Any governmental administration that institutes restructuring of the Public Sector of Barbados and a jettisoning of public service jobs, without first consulting the trade unions and the workers themselves, is a foolish and backward Administration that does not deserve to be entrusted with the reins of government!
It is nothing less than tragic to hear the highly respected veteran General Secretary of the “Barbados Workers Union”, Sir Roy Trotman, publicly complaining that no-one in Government has consulted him or the BWU about the jettisoning of temporary workers that is now taking place all across the Public Service of Barbados.
Sir Roy’s actual words were:
“I heard the rumour that boards were meeting and secretly organising for some to have a three day work week … and some to go home… Not a single board member, not a single minister, has spoken to the Barbados Workers Union.”
Now, this is truly a disgraceful state of affairs! It is disgraceful, because trade unions like the BWU and the National Union of Public Workers are not some johnny-come-lately or fly by night organisations, and have earned the right to be respected. These institutions have been in existence for 72 years and 69 years respectively, and played critical roles in forging the independent Barbadian nation that we know today.
Indeed, ever since the establishment of the BWU in 1941 it has had a close and respectful relationship with virtually every single political administration up until now. In fact, one of the truly unique and remarkable features of the development of modern Barbados is the manner in which the main political parties and the main trade union worked as partners in a two pronged labour movement.

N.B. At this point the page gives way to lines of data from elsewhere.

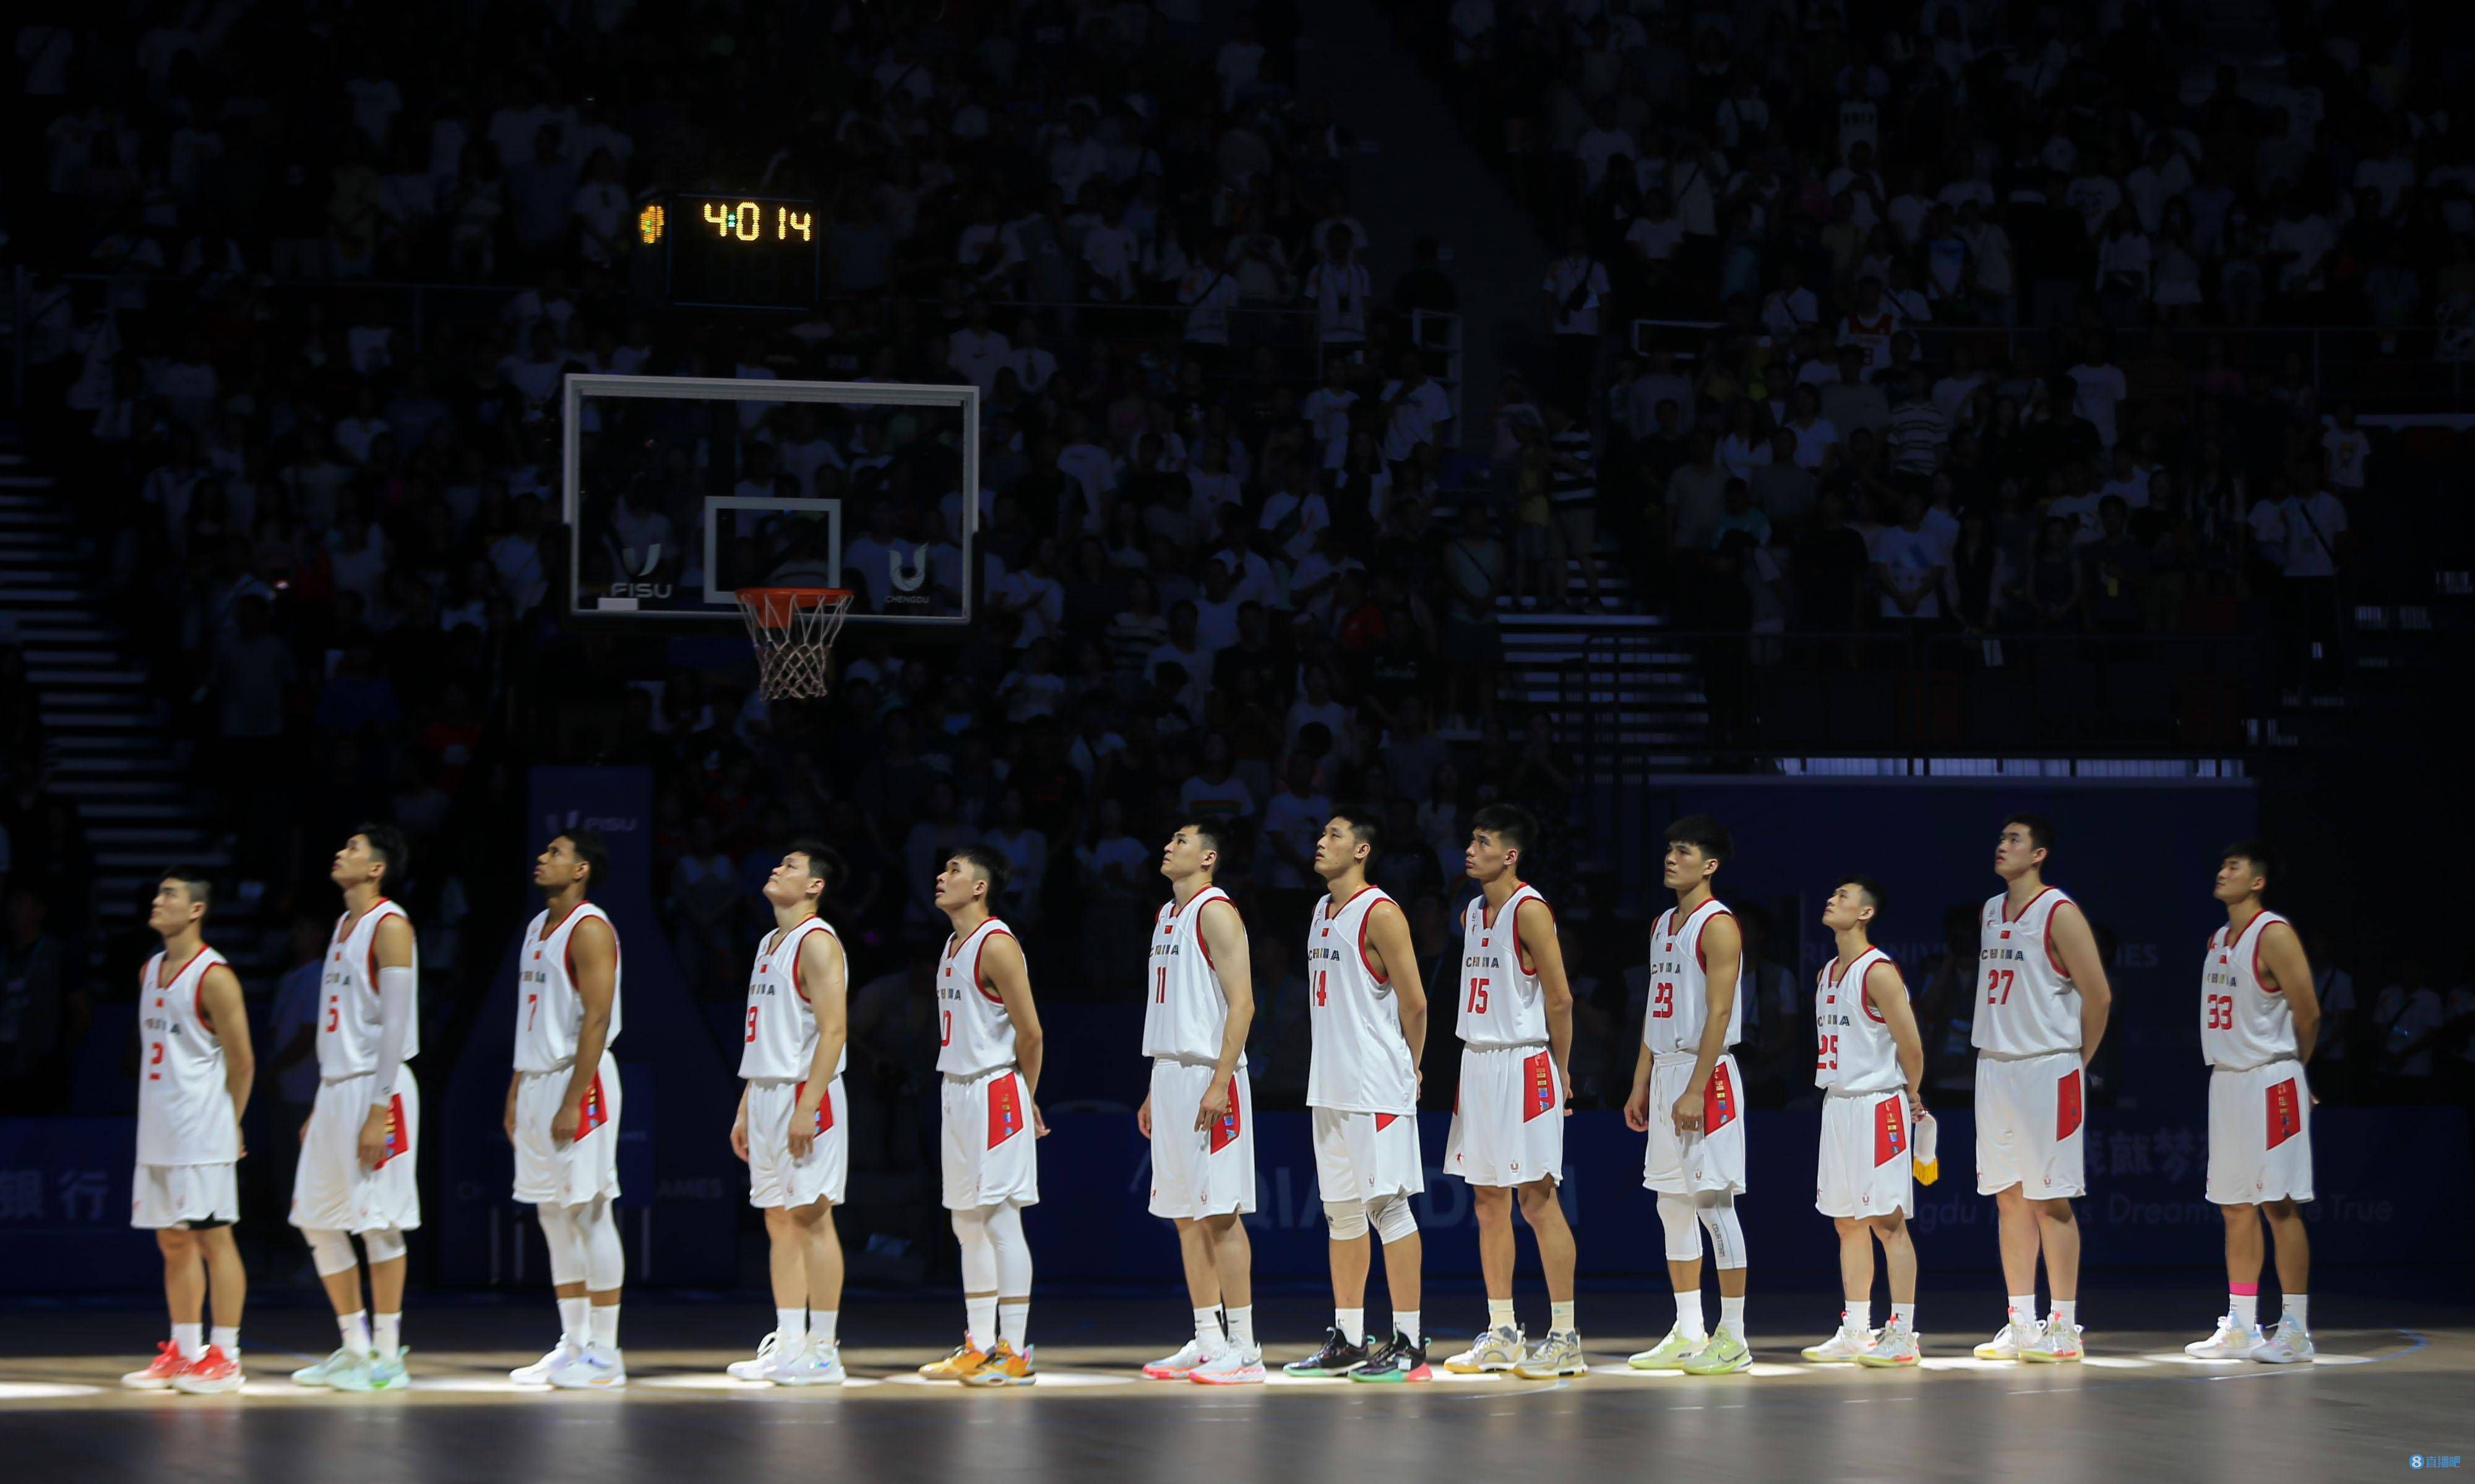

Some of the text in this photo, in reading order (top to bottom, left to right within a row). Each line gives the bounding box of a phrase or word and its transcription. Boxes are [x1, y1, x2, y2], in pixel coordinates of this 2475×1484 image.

[610, 582, 673, 599] FISU
[1309, 947, 1340, 962] CHINA
[1466, 956, 1499, 969] CHINA
[1981, 948, 2024, 961] CHINA
[1156, 967, 1166, 1003] 11
[1312, 970, 1327, 1007] 14
[1467, 977, 1490, 1014] 15
[1653, 982, 1674, 1019] 23
[1987, 969, 2015, 1005] 27
[528, 994, 538, 1032] 7
[2207, 994, 2232, 1031] 33
[1817, 1034, 1838, 1070] 25

It is an open secret that the Barbadian working class was able to make the rapid progress that it did, simply because it had the good fortune to have the mechanism of an inter-linked political party and trade union working together on its behalf on the political and industrial fronts simultaneously.
Now it seems that the current Administration has brought all of this to an end!

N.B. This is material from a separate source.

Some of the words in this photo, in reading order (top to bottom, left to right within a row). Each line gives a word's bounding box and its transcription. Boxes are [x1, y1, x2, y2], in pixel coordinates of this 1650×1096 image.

It is the height of folly for Government to embark upon a $400 million revamping of the Barbadian public sector without intimately consulting the mass of public sector workers and their representative organisations — the trade unions.
In fact, a sensible Government would not merely consult with the workers and their trade unions, but would go a step further and actually request the workers and the trade unions to work out and put forward detailed proposals for cutting out wastage, eliminating duplication, amalgamating programmes and structures, and advancing concrete voluntary retirement proposals designed to cut the wage bill without compromising performance.
Who, after all, has a deeper and more intimate understanding of the on-the-ground structures of the public sector — its strengths, weaknesses and in-efficiencies — than the public sector workers themselves?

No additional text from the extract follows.